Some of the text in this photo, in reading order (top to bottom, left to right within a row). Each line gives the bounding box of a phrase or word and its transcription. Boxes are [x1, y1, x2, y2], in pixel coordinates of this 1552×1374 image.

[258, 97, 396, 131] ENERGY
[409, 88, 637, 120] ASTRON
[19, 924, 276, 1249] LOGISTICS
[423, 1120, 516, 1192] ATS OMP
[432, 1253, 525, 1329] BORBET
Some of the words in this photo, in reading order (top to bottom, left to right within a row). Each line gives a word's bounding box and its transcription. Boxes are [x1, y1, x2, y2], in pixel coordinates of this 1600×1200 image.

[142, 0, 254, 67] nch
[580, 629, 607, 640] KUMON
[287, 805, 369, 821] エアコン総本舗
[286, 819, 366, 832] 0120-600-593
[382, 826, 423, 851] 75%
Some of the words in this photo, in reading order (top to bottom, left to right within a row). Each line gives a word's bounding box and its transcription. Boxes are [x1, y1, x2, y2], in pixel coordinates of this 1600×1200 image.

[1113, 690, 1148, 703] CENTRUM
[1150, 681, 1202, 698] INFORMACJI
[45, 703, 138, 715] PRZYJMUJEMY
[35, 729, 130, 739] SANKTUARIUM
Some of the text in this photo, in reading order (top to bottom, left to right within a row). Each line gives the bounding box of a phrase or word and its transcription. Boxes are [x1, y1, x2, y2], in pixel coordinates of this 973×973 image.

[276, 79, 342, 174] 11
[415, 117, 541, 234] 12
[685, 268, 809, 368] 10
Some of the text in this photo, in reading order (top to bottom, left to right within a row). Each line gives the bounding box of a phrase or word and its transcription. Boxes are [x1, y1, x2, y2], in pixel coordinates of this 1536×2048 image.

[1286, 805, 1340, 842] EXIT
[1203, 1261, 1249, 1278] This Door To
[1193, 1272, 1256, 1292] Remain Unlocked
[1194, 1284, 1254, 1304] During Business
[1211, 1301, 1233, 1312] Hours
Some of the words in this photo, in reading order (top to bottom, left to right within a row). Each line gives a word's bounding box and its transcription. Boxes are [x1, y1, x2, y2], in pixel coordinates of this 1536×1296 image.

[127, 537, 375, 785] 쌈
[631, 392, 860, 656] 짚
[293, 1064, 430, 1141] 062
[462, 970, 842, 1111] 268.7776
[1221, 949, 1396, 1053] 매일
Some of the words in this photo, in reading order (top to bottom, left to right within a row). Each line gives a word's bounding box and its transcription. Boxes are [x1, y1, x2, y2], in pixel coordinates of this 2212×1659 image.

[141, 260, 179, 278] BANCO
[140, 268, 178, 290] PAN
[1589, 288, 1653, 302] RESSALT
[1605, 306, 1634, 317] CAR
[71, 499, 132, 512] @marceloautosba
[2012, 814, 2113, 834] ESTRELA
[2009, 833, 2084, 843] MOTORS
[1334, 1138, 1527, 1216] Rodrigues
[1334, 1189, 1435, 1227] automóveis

##############################

> Problem
Each record above must be restated in full, word for word.

> Result
Some of the text in this photo, in reading order (top to bottom, left to right within a row). Each line gives the bounding box of a phrase or word and its transcription. Boxes are [x1, y1, x2, y2], in pixel coordinates of this 1552×1374 image.

[258, 97, 396, 131] ENERGY
[409, 88, 637, 120] ASTRON
[19, 924, 276, 1249] LOGISTICS
[423, 1120, 516, 1192] ATS OMP
[432, 1253, 525, 1329] BORBET
Some of the words in this photo, in reading order (top to bottom, left to right within a row). Each line gives a word's bounding box and its transcription. Boxes are [x1, y1, x2, y2], in pixel coordinates of this 1600×1200 image.

[142, 0, 254, 67] nch
[580, 629, 607, 640] KUMON
[287, 805, 369, 821] エアコン総本舗
[286, 819, 366, 832] 0120-600-593
[382, 826, 423, 851] 75%
Some of the words in this photo, in reading order (top to bottom, left to right within a row). Each line gives a word's bounding box and its transcription. Boxes are [x1, y1, x2, y2], in pixel coordinates of this 1600×1200 image.

[1113, 690, 1148, 703] CENTRUM
[1150, 681, 1202, 698] INFORMACJI
[45, 703, 138, 715] PRZYJMUJEMY
[35, 729, 130, 739] SANKTUARIUM
Some of the text in this photo, in reading order (top to bottom, left to right within a row). Each line gives the bounding box of a phrase or word and its transcription. Boxes are [x1, y1, x2, y2], in pixel coordinates of this 973×973 image.

[276, 79, 342, 174] 11
[415, 117, 541, 234] 12
[685, 268, 809, 368] 10
Some of the text in this photo, in reading order (top to bottom, left to right within a row). Each line gives the bounding box of a phrase or word and its transcription. Boxes are [x1, y1, x2, y2], in pixel coordinates of this 1536×2048 image.

[1286, 805, 1340, 842] EXIT
[1203, 1261, 1249, 1278] This Door To
[1193, 1272, 1256, 1292] Remain Unlocked
[1194, 1284, 1254, 1304] During Business
[1211, 1301, 1233, 1312] Hours
Some of the words in this photo, in reading order (top to bottom, left to right within a row). Each line gives a word's bounding box and its transcription. Boxes are [x1, y1, x2, y2], in pixel coordinates of this 1536×1296 image.

[127, 537, 375, 785] 쌈
[631, 392, 860, 656] 짚
[293, 1064, 430, 1141] 062
[462, 970, 842, 1111] 268.7776
[1221, 949, 1396, 1053] 매일
Some of the words in this photo, in reading order (top to bottom, left to right within a row). Each line gives a word's bounding box and its transcription. Boxes are [x1, y1, x2, y2], in pixel coordinates of this 2212×1659 image.

[141, 260, 179, 278] BANCO
[140, 268, 178, 290] PAN
[1589, 288, 1653, 302] RESSALT
[1605, 306, 1634, 317] CAR
[71, 499, 132, 512] @marceloautosba
[2012, 814, 2113, 834] ESTRELA
[2009, 833, 2084, 843] MOTORS
[1334, 1138, 1527, 1216] Rodrigues
[1334, 1189, 1435, 1227] automóveis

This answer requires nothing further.